The next several months were a rollercoaster.  One step forward, two steps back…  We nearly lost her several times, she would come on leaps and bounds and then have a setback.  We learned to take one day at a time and to find something positive in each day.  Some days that would be “She’s on room air today!” and other days it would be “Well, she’s still alive.”  And alive she was!  The nurses referred to her as “feisty”, which usually translated to her pulling out her tubes and batting them off when they tried to do anything.  (Some things haven’t changed!)

We got her home after 4.5 months, hopping off one rollercoaster and onto another.  It hasn’t always been easy but it has most definitely been wonderful.  It was never guaranteed that she would ever be able to do anything, so every smile, every giggle, every crawling-over-and-pulling-her-sister’s-hair… we rejoice in all the little things because we don’t take them for granted.  And, as it turns out, 20 months down the line, we’re yet to see any of these massive disabilities that we were told she would have.  She has an NG tube for feeding, as she has some issues with her weight, but otherwise we haven’t had any major issues.

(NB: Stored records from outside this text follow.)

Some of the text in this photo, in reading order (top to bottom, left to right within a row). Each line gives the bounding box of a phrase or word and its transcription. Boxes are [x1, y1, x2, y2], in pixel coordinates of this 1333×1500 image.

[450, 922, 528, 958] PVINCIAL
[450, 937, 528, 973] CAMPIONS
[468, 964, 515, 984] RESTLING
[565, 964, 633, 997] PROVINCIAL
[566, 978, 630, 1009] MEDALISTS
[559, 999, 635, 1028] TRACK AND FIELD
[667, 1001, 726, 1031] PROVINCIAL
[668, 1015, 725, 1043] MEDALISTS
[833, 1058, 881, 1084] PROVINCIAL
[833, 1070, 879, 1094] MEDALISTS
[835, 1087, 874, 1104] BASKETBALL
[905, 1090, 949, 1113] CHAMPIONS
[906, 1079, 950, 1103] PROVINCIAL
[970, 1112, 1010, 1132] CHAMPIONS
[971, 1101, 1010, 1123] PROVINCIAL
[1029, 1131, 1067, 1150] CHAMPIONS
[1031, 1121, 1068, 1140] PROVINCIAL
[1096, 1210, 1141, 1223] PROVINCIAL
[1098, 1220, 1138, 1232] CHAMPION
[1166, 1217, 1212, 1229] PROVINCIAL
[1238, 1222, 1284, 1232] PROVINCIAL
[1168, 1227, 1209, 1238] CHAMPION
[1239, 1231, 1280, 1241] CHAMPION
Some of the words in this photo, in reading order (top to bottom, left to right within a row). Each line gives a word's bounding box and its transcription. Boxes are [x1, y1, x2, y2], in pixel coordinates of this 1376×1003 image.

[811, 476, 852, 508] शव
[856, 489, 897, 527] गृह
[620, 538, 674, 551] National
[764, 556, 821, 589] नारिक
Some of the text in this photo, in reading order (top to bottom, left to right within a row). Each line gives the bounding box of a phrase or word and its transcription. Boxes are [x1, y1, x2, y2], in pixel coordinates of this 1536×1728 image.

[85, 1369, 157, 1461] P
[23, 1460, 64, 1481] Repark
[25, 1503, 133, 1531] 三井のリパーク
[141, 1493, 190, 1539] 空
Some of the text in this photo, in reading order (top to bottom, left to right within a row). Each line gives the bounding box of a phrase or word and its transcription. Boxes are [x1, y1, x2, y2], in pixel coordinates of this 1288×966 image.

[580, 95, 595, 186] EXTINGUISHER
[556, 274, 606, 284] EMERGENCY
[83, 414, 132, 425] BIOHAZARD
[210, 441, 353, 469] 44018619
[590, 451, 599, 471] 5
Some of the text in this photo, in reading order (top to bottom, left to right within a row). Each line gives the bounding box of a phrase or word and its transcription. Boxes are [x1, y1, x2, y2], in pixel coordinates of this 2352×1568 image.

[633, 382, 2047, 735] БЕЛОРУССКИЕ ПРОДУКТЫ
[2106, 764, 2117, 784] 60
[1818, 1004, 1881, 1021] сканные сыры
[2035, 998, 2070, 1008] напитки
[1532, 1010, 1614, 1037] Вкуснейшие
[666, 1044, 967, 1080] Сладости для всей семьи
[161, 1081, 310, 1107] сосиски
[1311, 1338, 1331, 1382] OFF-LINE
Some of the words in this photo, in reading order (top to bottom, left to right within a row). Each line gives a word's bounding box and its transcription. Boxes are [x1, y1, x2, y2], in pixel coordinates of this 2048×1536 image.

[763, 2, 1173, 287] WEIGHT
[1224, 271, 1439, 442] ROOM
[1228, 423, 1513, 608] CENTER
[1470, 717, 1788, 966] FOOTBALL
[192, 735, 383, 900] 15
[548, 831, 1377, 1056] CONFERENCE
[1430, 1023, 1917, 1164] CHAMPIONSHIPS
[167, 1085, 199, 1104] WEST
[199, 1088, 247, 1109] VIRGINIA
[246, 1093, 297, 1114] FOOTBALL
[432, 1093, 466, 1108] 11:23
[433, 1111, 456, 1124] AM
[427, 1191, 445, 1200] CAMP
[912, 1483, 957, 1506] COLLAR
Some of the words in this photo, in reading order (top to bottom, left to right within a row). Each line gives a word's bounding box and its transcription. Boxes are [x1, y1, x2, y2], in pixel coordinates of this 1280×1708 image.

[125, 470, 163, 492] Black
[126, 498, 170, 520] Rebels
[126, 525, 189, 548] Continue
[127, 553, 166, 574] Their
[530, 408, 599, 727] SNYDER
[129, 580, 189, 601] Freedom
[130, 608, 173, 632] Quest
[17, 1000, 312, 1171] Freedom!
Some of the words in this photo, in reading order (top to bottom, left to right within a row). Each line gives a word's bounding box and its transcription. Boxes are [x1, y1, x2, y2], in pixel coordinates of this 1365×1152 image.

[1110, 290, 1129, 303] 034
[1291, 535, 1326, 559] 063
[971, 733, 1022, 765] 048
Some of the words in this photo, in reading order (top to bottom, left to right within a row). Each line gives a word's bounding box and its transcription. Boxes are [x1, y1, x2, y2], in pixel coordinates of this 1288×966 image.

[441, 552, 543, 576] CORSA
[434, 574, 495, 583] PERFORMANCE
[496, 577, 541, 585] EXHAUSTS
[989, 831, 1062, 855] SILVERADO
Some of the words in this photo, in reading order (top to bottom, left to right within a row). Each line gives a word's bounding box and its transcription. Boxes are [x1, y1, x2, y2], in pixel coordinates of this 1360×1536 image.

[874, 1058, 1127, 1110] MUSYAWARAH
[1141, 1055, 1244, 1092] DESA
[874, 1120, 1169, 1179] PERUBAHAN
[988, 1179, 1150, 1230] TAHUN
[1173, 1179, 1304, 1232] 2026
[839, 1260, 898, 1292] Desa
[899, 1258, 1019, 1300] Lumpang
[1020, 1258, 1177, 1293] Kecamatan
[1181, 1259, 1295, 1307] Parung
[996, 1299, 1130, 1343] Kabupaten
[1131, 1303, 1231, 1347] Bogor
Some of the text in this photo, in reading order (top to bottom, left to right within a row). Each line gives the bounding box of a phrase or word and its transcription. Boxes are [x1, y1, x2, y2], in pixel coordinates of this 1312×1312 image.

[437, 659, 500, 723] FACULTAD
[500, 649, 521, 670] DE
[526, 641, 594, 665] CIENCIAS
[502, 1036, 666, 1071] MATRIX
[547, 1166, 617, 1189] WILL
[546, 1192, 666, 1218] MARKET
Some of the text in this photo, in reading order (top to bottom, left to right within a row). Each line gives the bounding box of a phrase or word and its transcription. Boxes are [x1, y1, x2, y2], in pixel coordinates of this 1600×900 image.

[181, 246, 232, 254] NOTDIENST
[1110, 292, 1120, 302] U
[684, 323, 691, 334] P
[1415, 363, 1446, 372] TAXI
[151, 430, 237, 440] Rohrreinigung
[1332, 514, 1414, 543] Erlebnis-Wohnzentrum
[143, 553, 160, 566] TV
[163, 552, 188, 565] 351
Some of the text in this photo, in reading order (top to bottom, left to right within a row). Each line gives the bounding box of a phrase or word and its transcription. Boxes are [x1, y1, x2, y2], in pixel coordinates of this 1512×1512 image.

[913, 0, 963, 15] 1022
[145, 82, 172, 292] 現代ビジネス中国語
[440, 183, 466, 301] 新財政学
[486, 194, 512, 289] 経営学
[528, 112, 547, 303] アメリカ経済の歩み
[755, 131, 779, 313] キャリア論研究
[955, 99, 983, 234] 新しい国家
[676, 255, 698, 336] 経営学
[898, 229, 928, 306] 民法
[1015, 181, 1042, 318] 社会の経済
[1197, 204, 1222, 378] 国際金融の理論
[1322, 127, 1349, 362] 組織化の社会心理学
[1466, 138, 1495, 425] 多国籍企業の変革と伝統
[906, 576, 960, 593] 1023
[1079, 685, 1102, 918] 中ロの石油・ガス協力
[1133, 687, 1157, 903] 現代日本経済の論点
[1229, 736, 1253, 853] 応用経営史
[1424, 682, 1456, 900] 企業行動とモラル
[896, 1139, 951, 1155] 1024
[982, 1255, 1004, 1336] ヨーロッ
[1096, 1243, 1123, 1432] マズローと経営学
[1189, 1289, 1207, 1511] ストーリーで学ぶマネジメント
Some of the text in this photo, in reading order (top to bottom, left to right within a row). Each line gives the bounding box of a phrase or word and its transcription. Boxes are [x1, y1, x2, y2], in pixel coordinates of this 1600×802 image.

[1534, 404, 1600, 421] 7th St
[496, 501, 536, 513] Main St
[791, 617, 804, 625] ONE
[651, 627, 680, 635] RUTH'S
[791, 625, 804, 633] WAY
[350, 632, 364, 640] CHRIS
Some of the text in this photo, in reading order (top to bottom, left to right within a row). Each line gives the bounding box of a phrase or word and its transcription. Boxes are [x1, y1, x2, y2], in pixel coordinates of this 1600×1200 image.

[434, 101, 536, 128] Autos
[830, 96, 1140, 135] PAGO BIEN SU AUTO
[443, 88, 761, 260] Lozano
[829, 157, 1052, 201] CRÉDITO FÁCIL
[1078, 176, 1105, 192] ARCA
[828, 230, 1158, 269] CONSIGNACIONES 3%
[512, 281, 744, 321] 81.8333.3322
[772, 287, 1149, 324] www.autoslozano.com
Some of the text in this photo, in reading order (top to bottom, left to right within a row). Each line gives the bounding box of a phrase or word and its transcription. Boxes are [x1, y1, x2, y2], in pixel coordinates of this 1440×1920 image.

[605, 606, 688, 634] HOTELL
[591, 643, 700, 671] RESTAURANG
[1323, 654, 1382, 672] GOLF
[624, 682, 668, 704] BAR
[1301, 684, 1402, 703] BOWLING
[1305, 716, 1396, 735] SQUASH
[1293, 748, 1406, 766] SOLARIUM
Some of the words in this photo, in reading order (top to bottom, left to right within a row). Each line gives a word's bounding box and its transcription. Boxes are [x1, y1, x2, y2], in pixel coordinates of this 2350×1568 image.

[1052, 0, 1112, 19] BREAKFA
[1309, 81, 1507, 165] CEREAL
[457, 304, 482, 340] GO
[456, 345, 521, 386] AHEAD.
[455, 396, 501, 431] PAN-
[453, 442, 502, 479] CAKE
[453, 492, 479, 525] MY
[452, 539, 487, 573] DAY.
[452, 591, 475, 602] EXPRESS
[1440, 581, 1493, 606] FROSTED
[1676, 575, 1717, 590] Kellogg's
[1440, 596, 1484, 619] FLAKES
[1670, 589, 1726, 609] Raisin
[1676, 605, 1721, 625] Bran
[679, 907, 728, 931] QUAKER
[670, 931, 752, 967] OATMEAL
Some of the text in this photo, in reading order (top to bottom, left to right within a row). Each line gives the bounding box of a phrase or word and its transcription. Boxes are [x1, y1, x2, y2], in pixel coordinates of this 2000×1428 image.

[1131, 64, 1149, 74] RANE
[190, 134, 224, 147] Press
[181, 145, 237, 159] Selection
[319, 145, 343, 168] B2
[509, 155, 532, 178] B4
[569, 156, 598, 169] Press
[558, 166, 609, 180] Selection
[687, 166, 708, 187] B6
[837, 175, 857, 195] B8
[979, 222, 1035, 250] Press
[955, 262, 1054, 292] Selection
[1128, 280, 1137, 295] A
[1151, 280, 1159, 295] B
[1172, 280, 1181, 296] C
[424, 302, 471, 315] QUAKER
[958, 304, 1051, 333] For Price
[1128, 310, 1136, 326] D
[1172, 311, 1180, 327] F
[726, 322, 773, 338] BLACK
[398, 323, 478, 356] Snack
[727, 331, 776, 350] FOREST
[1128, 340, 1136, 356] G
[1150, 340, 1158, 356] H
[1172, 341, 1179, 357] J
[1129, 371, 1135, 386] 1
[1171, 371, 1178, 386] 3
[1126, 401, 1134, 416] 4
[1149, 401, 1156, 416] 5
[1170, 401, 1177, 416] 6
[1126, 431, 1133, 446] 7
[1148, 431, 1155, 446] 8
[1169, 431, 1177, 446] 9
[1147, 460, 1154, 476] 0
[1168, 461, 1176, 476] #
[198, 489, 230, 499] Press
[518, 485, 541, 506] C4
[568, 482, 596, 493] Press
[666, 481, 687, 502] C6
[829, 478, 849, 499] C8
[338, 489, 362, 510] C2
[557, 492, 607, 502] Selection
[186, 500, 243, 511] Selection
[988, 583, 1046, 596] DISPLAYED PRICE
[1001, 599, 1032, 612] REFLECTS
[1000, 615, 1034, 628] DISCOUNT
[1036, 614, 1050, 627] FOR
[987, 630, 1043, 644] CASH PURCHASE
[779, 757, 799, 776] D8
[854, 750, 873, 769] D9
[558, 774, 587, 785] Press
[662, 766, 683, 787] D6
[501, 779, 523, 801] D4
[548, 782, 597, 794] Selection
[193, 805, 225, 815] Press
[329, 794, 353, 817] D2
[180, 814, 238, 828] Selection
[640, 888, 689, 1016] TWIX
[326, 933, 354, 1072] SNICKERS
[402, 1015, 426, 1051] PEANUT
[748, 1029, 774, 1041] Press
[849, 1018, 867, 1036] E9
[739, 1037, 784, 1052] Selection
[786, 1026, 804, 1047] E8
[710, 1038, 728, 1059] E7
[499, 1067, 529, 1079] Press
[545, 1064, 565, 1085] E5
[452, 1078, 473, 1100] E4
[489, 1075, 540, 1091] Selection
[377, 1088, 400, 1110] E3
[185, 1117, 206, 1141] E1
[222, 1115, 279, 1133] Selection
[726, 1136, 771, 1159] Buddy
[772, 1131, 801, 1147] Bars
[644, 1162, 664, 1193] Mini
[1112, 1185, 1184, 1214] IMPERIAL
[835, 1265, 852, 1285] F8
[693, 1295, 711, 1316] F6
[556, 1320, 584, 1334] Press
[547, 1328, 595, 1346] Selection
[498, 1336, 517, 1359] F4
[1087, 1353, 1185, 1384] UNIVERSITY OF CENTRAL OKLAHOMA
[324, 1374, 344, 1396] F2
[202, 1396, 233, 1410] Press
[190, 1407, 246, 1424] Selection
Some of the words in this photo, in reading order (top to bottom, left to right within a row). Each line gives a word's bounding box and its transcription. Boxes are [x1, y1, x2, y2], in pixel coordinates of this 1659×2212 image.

How many Naomi’s will be aborted if the Eighth Amendment is repealed, by parents who are being told that their lives will be better off without going through the heartache of having their child die?  We’re being told repeatedly to “trust women to do the right thing” -what makes us think that Irish women are going to be any different to anywhere else in the world where abortion has been introduced, initially under restrictive terms?

However, we trusted our littlest woman to fight for her life, and look at her now.